Proteins involved in energy production
A large number of proteins involved in energy production (i.e. ATP synthases, ubiquinol-cytochrome c reductase, electron transfer flavoprotein, NADH dehydrogenase/NAD(P)H nitroreductase, 2,3-bisphosphoglycerate-dependent phosphoglycerate mutase) and in the synthesis of biomolecules (i.e. aspartate aminotransferase, 30S and 50S ribosomal proteins, elongation factors) were up-regulated in OPP- and/or BA-grown cells (Supplementary Table S3). Previous studies with P. putida KT2440 also noted a significant up-regulation of proteins with a similar biosynthetic role in cells grown with xenobiotics34, 42. This is probably a response for the de novo synthesis of proteins to counterbalance the toxicity of OPP or its intermediates and the parallel increase in needs of the growing cells. Jang et al.43 investigated the cellular response of Staphylococcus aureus to OPP and observed a strong over-expression of genes encoding ribosomal proteins probably related to an overall stimulation of the translation process triggered by stress conditions.
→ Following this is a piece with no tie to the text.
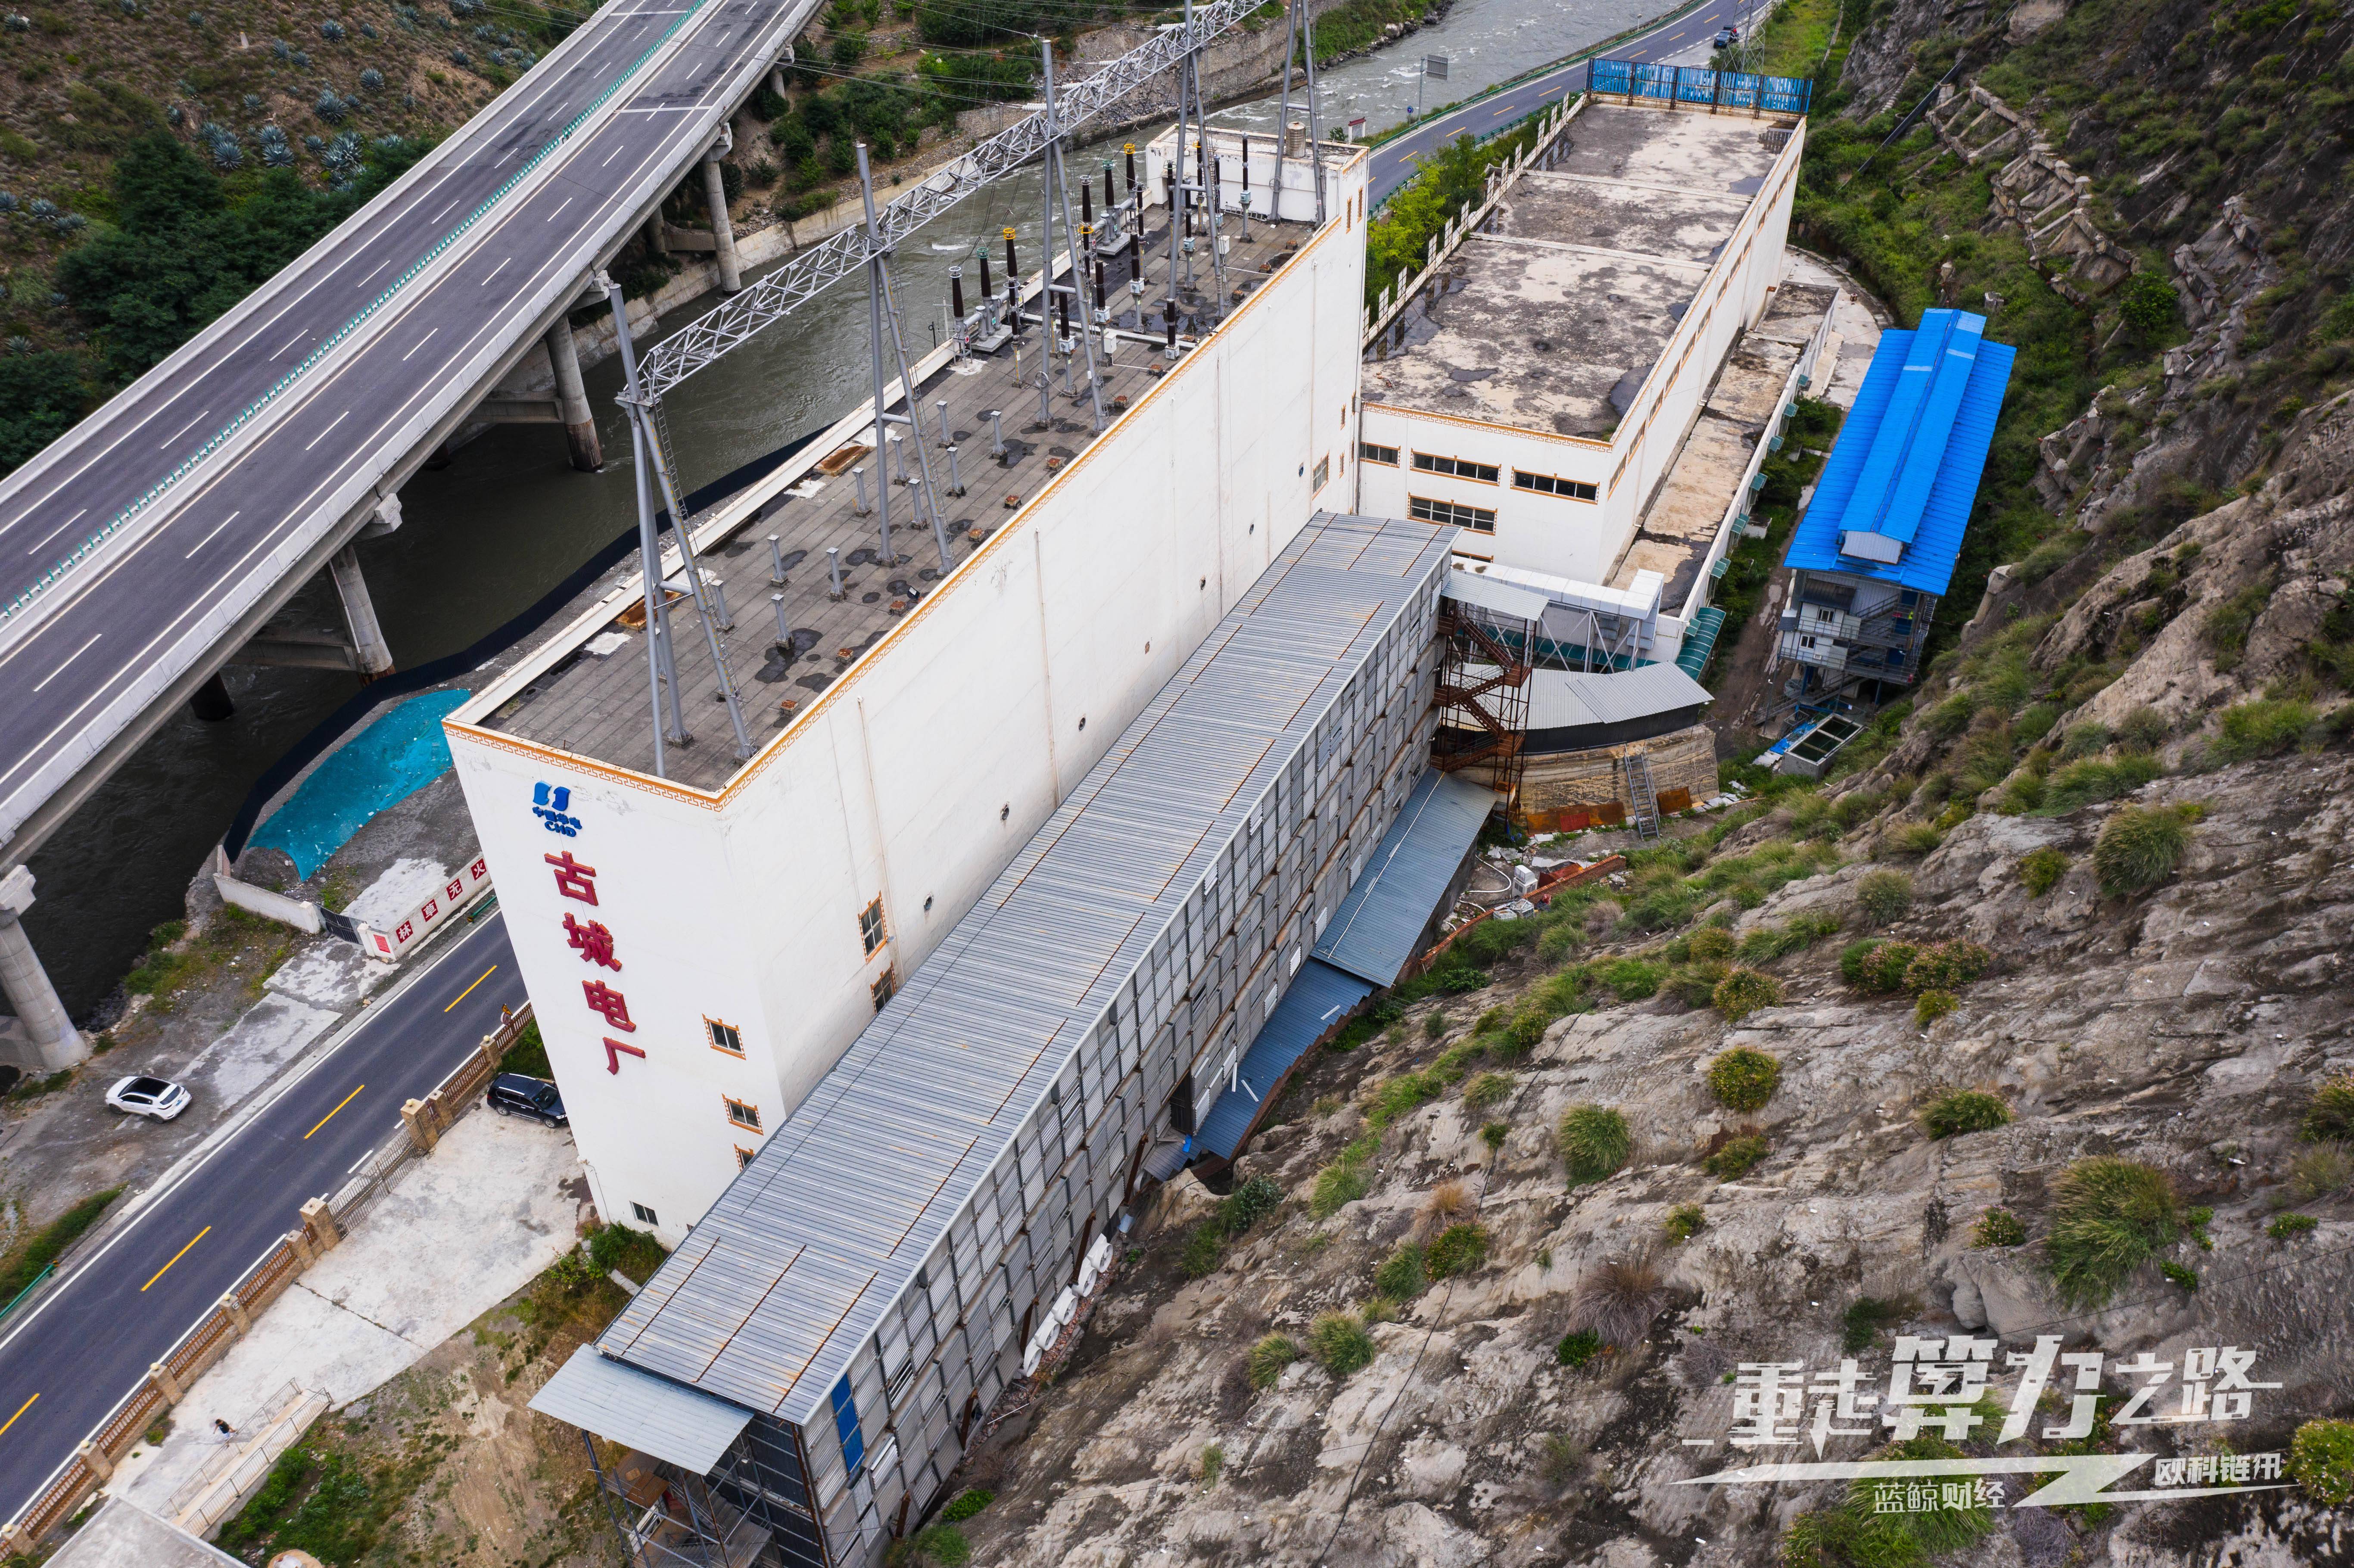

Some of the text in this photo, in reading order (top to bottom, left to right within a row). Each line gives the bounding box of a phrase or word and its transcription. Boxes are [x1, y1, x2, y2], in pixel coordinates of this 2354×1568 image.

[545, 821, 576, 837] CHD
[544, 850, 645, 1075] 古城电厂
Overall, proteomic analysis further supported the metabolic pathway deduced by the genomic analysis and showed that S. haloaromaticamans, despite its high degradation efficiency, mobilizes its stress-related cellular mechanisms as a response to the potential toxicity of OPP or its transformation intermediates to bacterial cells.
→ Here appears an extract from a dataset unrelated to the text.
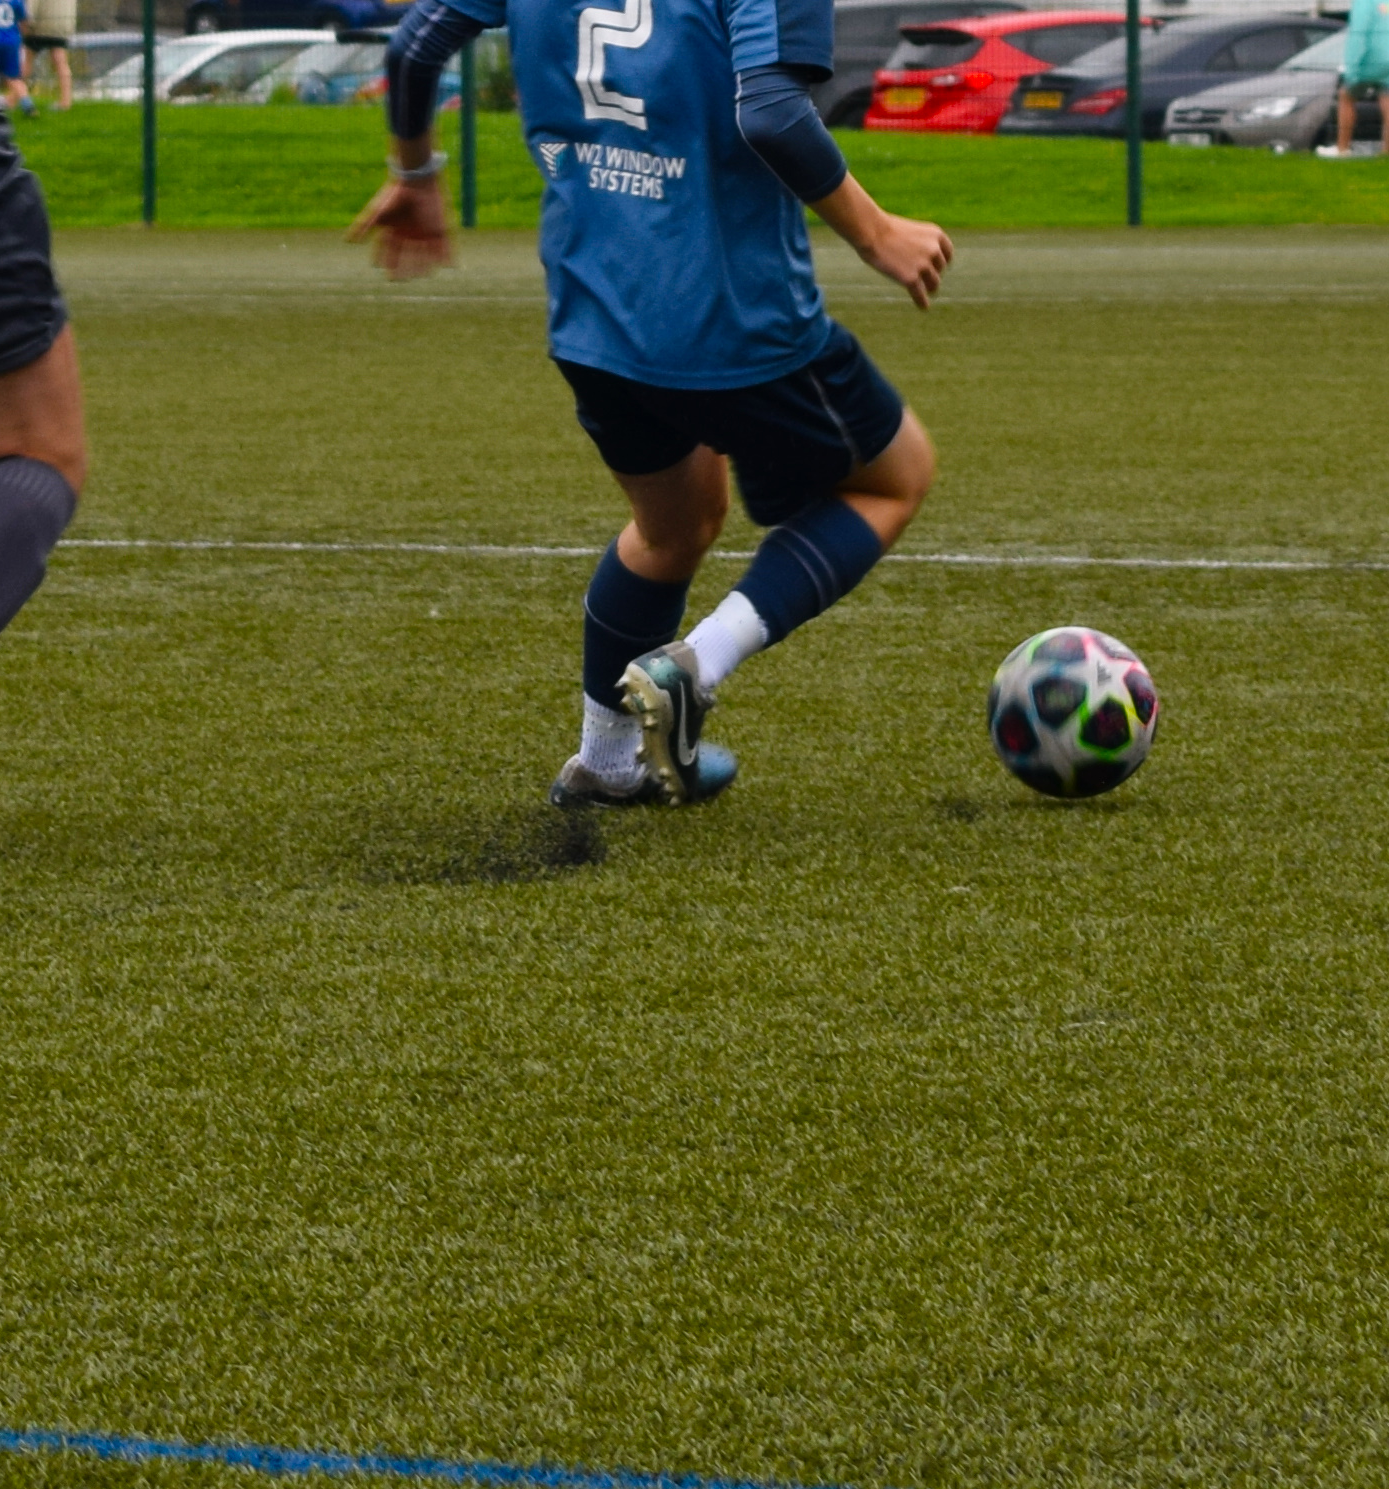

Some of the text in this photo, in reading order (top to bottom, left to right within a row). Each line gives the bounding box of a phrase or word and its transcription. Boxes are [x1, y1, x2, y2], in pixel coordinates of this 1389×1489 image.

Transcription analysis of catabolic genes
The expression pattern of all putative catabolic genes identified in the genome and especially those in the proteome of S. haloaromaticamans was determined via RT-q-PCR. This allowed further verification of the role of each of these genes in the metabolism of OPP. Thus, the bacterium was grown in OPP or BA and the expression of these selected genes was determined, along with the degradation of these compounds, and compared to their expression in succinate-grown cells.
Upper OPP pathway
The expression of all genes with a putative catabolic role in the upper part of the OPP pathway (oppD1A1CD2, oppA2) showed similar patterns with significantly higher expression (p < 0.05) in the presence of OPP compared to BA and succinate (Fig. 4 and Supplementary Fig. S5). Their expression significantly increased up to 12-h, which coincided with the near complete degradation of OPP (Supplementary Fig. S3) and dropped to levels similar to the other two treatments by the end of the study (27 h) (Fig. 4). The only exception was oppA2, whose expression did not differ between the different treatments (Supplementary Fig. S5). These findings suggest that from the two flavin-dependent monoxygenases found in the genome of S. haloaromaticamans it is OppA1 that drives the initial hydroxylation of OPP. OppA2 might be involved in the hydroxylation of aromatic compounds other than OPP and BA, however its function to date remains unknown. Among genes of the upper OPP pathway oppC showed the highest expression levels (Fig. 4). This might point to a metabolic strategy aiming to prevent the accumulation of the toxic intermediate 2,3-dihydroxybiphenyl as suggested above. A similar transcription regulation strategy was observed in the other OPP-degrading strain P. azelaica HBP16.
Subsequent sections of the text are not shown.